El autor de esta fábula, la envía por si considero interesante insertarla en la página. Y dice: "Me gustaría permanecer en el anonimato como autor. Este texto es mi pequeño homenaje a las caballerías que realizaban duras tareas junto a sus amos, cuya memoria y reconocimiento quedaron en el olvido. Yo tengo magníficos recuerdos de un mulo que teníamos nosotros y por él se me ocurrió este relato".  ¿Quién no recuerda algún animal, caballo, mulo, burro, perro ... los cuales formaron parte de nuestra vida y ayudaron a hacerla más llevadera?  ¡Va por ellos!  Aquellos otros "seres" queridos también. Y como el mulo de la fábula sabe leer, lo mismo que escribe, esperamos que algún día nos descubra el autor del relato.

 

Aquí, desde este lugar en el reino de la calma cuando se acerca el verano, os envío esta misiva para recordar aventuras de mutua adolescencia. Porque, aunque penséis lo contrario, yo era más joven que alguno de vosotros; si aún os quedan dudas, preguntad a mi dueño Manolo. Me gustaría hacer hincapié en unas cuantas cosas que condicionaron mi existencia en el pueblo.

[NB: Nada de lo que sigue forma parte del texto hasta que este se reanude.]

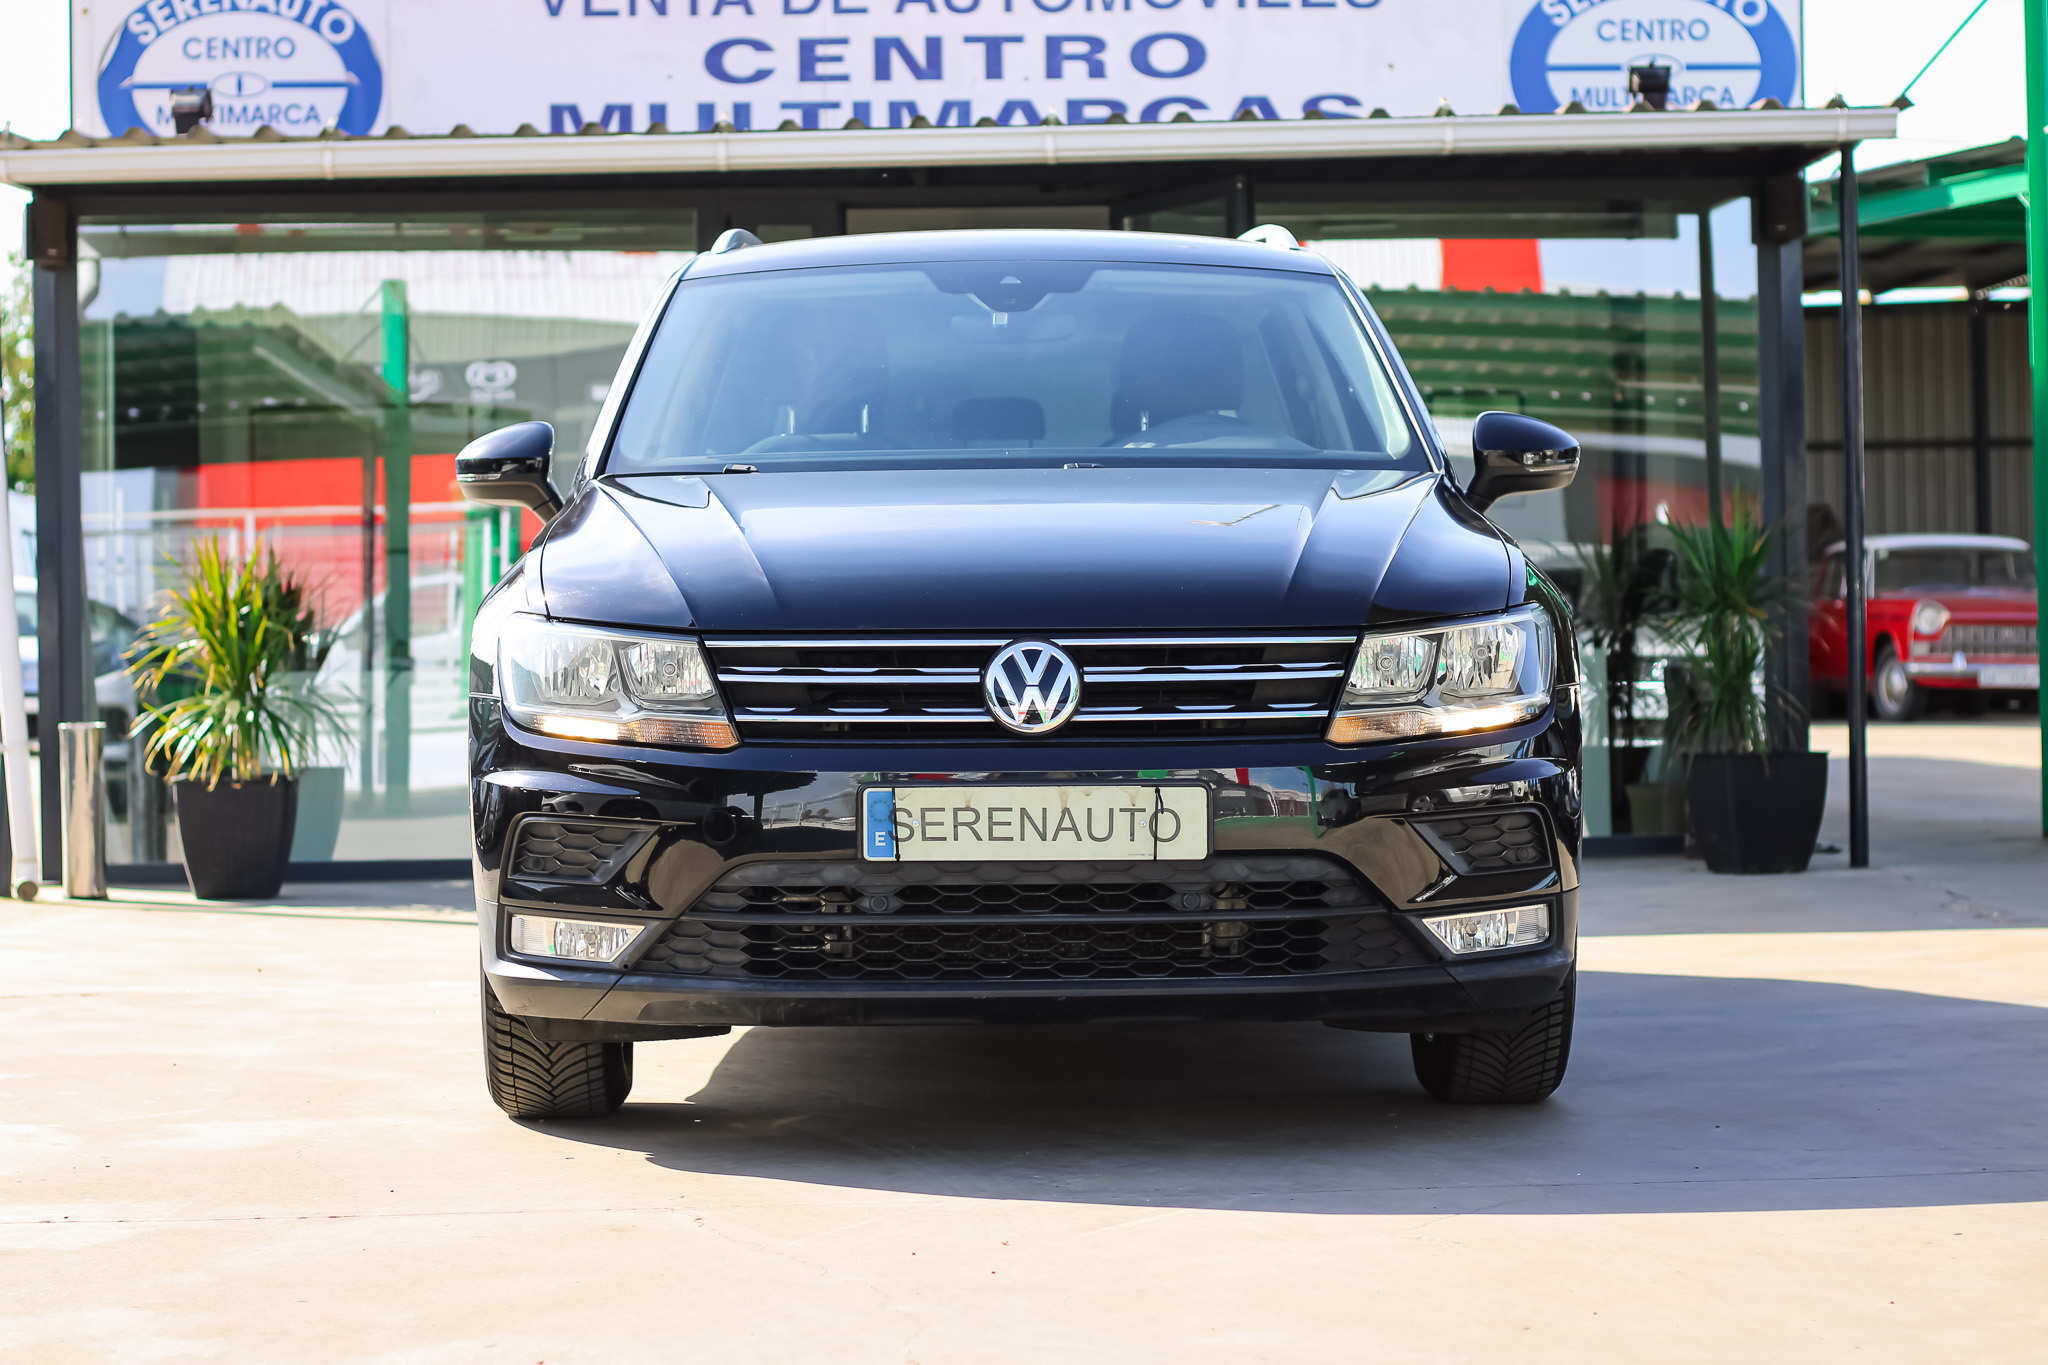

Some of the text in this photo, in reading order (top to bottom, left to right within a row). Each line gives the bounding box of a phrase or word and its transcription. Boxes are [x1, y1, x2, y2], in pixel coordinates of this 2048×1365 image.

[1594, 18, 1710, 42] CENTRO
[182, 36, 296, 60] CENTRO
[703, 32, 1208, 84] CENTRO
[1570, 84, 1737, 107] MULTARCA
[156, 103, 322, 125] MIMARCA
[887, 807, 1182, 843] SERENAUTO
[875, 831, 887, 847] E

En primer lugar, nunca entendí porque Dios me hizo de aquella manera. Me dio vida en un animal, y no lo eligió al azar o al buen tún –tún, como diría Manuela. Quiso que fuese un híbrido, una bestia de carga, cuyo sino fue aguantar los palos de un amo no siempre acertado. Y me pregunto, ¿por qué no pude ser un pájaro y tener mi nido en el paraje más bello, pudiendo comer un día aquí y otro allá, sin tener que esperar la mano compasiva del amo a la hora del pienso?

 

Cuando llegué a vuestra casa, desconocía lo que me esperaba, y mira por dónde resultó ser una grata sorpresa. Mi casa estaba a dos pasos del abrevadero. Desde el cuarterón pude ver asombrado la comitiva de hermanos que cada mañana me saludaban después de beber el primer agua de una dura jornada, que les dejaba lastrados de tanto tirar del arado mientras roturaban nuevas quebradas. Al principio Manolo, mi amo,  trabajaba en el pantano y yo descansaba. Por eso de vez en cuando como el adolescente que era, mis hábiles labios descolgaban los cerrojos de la libertad. Y mi cuerpo vigoroso y juvenil, cubierto con pelo negro caoba, corría desnudo al "cuatropiés" por los caminos, atravesando prados y cercados sin encontrar barreras en mi carrera, mientras vosotros decíais a los vecinos:¡Sascapau! ¡Lacémila sascapau!.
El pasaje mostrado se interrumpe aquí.